== Material to process ==

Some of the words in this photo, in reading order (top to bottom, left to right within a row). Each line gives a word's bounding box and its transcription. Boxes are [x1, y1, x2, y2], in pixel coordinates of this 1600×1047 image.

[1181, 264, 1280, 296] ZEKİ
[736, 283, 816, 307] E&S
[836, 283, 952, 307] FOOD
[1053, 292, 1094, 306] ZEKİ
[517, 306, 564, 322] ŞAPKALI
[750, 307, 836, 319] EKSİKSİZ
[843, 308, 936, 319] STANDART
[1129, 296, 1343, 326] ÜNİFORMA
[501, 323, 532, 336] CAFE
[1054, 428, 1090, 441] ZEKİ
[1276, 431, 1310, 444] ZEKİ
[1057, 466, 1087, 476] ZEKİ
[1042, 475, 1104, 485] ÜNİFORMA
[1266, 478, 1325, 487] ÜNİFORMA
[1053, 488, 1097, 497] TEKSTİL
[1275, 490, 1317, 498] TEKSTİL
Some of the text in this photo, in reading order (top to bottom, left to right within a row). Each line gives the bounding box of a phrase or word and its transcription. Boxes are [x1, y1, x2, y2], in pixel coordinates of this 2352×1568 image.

===

What is being asked: Print the full listing, word for word.

Solution to this exercise:
Some of the words in this photo, in reading order (top to bottom, left to right within a row). Each line gives a word's bounding box and its transcription. Boxes are [x1, y1, x2, y2], in pixel coordinates of this 1600×1047 image.

[1181, 264, 1280, 296] ZEKİ
[736, 283, 816, 307] E&S
[836, 283, 952, 307] FOOD
[1053, 292, 1094, 306] ZEKİ
[517, 306, 564, 322] ŞAPKALI
[750, 307, 836, 319] EKSİKSİZ
[843, 308, 936, 319] STANDART
[1129, 296, 1343, 326] ÜNİFORMA
[501, 323, 532, 336] CAFE
[1054, 428, 1090, 441] ZEKİ
[1276, 431, 1310, 444] ZEKİ
[1057, 466, 1087, 476] ZEKİ
[1042, 475, 1104, 485] ÜNİFORMA
[1266, 478, 1325, 487] ÜNİFORMA
[1053, 488, 1097, 497] TEKSTİL
[1275, 490, 1317, 498] TEKSTİL
Some of the text in this photo, in reading order (top to bottom, left to right within a row). Each line gives the bounding box of a phrase or word and its transcription. Boxes are [x1, y1, x2, y2], in pixel coordinates of this 2352×1568 image.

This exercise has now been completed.